PADDs were used by such space-faring organizations as Starfleet, the Andorian Imperial Guard, Bajoran Militia, Cardassian Union, Klingon Empire, Romulan Star Empire, and Vulcan High Command. They were common to cultures even as distant as the Delta Quadrant. PADDs were also used by many aliens of different species to bid on slaves at an Orion slave market on Verex III. (ENT: "Borderland")
- 1 General specifications
- 2 Starfleet
- 3 Andorian Imperial Guard
- 4 Bajoran Militia
- 5 Cardassian Union
- 6 Denobulan
- 7 Enolian
- 8 Ferengi Alliance
- 9 Klingon Empire
- 10 Numiri
- 11 Quarren
- 12 Tandaran military
- 13 V'radian
- 14 Vulcan
- 15 Xindi
- 16 Appendices
Varying in size, shape and specification, PADDs were often distinguished by the species of their manufacturer or user. United Earth and Federation PADDs were generally flat and rectangular in shape, while Klingon and Cardassian PADDs were often more angular.
These PADDs were often used to display schematics, or subspace transmissions, and were capable of wireless computer networking as well as playing movies, recording logs, and audio playback. (ENT: "Breaking the Ice", "Dawn", "Twilight") They were often used by crewmembers reading during their time in the mess hall. (ENT: "Breaking the Ice", "Fortunate Son")
At some point between 2144 and 2154, Arik Soong was able to open all the locks in a San Francisco prison he was being held at using just a PADD. After this incident, he was only allowed to use paper when sketching and writing his ideas. (ENT: "Borderland")In 2152, a PADD was used by Captain Jonathan Archer in order to know how to arrange a series of log rings, while performing a ritual sectioning of an alvera tree as an apology to three Kreetassan chancellors outside the Hall of Diplomacy on Kreetassa. (ENT: "A Night in Sickbay")
A PADD of this type could be set up to work in conjunction with an amplifier, as Commander Tucker did in a successful attempt to distract Arkonian pilot Zho'Kaan in 2152. In addition, Tucker subsequently jury-rigged the PADD to work as a controller for a makeshift transceiver. (ENT: "Dawn")
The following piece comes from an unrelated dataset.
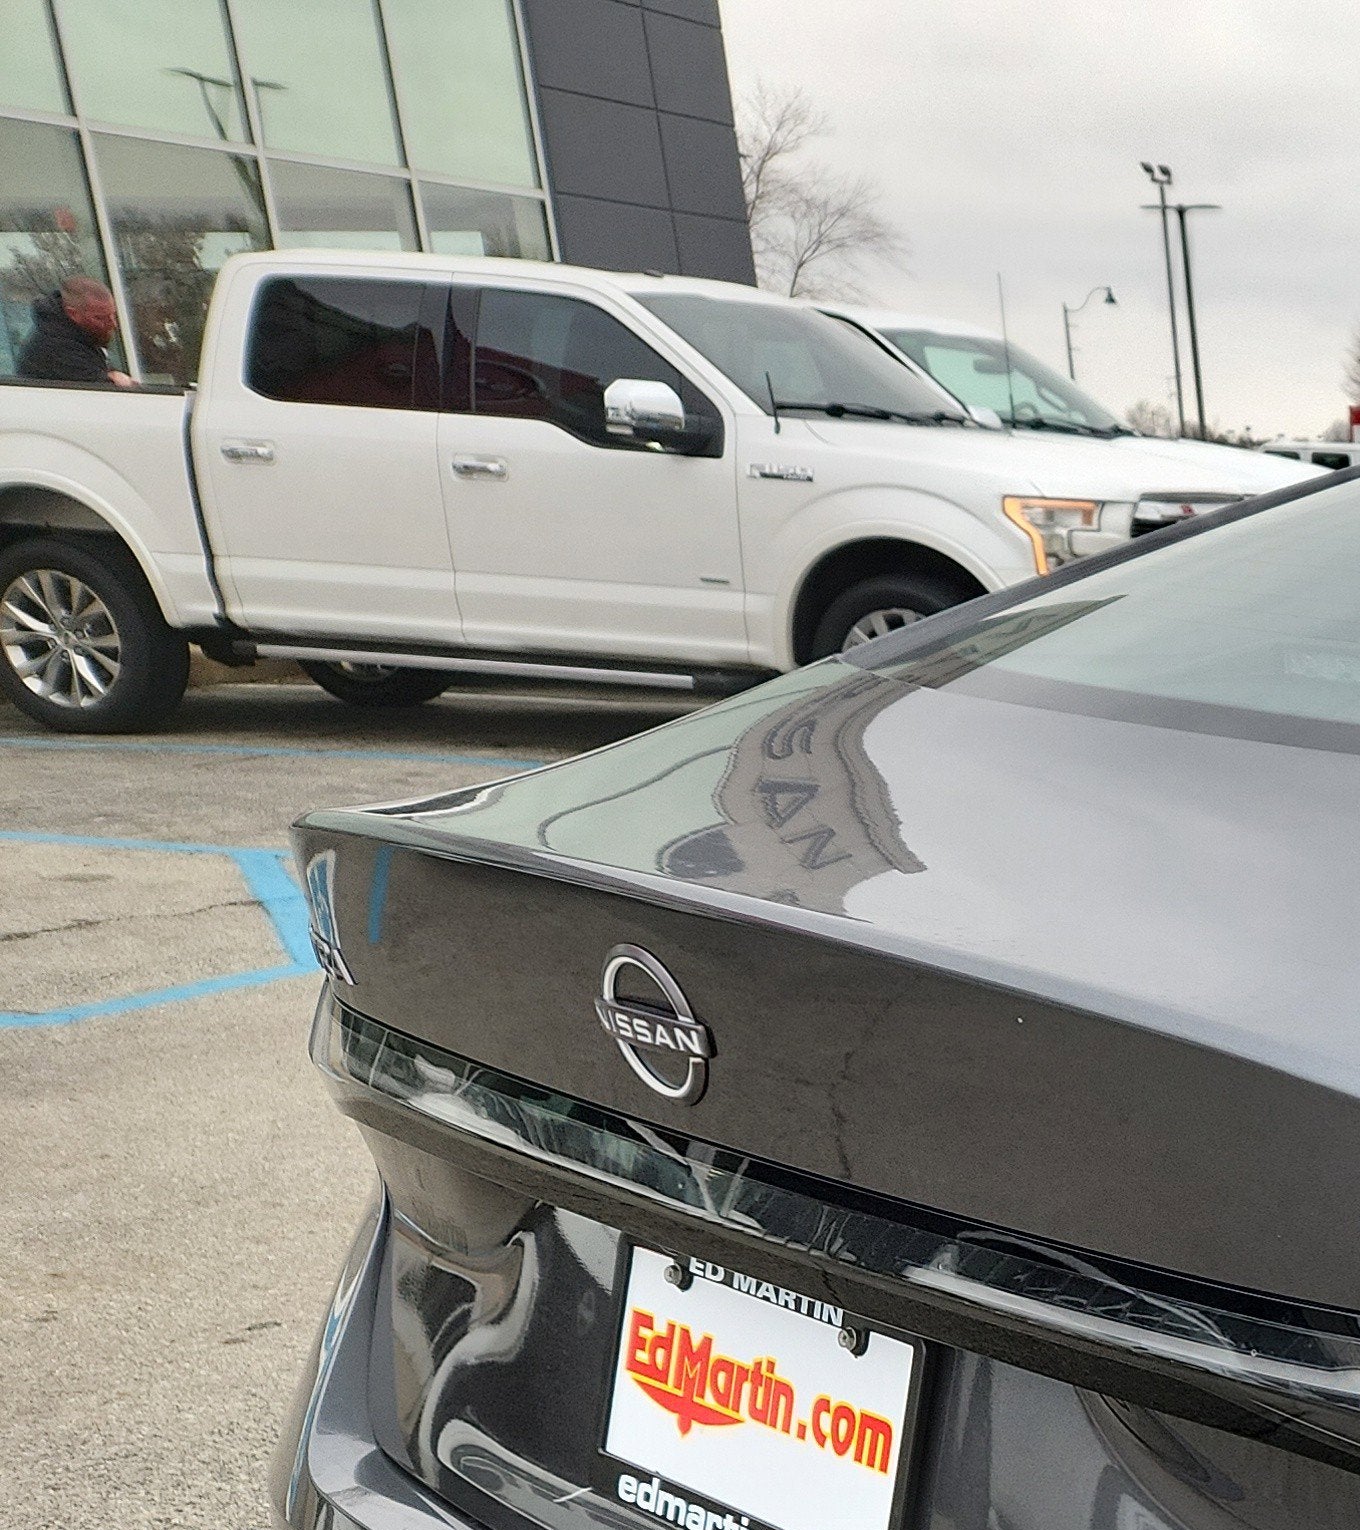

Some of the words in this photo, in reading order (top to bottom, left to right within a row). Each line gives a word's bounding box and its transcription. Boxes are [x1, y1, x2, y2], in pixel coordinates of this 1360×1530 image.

First appearing as late as 2257 aboard such starship types as the Constitution-class, PADDs of this era were large, wedge-shaped devices, operated almost exclusively through the use of a stylus. These data PADDs were often carried by yeomen aboard starships, but additionally appeared in other locations, including Starfleet's Starbase 11. (DIS: "An Obol for Charon"; TOS: "The Man Trap", "The Menagerie, Part I", "The Menagerie, Part II"; DS9: "Trials and Tribble-ations")
By 2364, PADDs had taken on a smaller profile and, while some models included one, the stylus was replaced by simple, touch-sensitive controls, typically located beneath a little, square-shaped display screen. Generally small and light-weight, the PADDs of the 2360s and 2370s were basically rectangular in shape, but varied in size, proportion, and even color – ranging from gray and muted blue colors, to red. Some PADDs, like one used by Dr. Lewis Zimmerman aboard Jupiter Station in 2376, were translucent. (TNG: "Encounter at Farpoint"; DS9: "Emissary"; VOY: "Caretaker", "Life Line", et al.) When struck with enough force, the screen of a PADD could be shattered, resulting in shards sharp enough to cut Human skin. (DS9: "Statistical Probabilities")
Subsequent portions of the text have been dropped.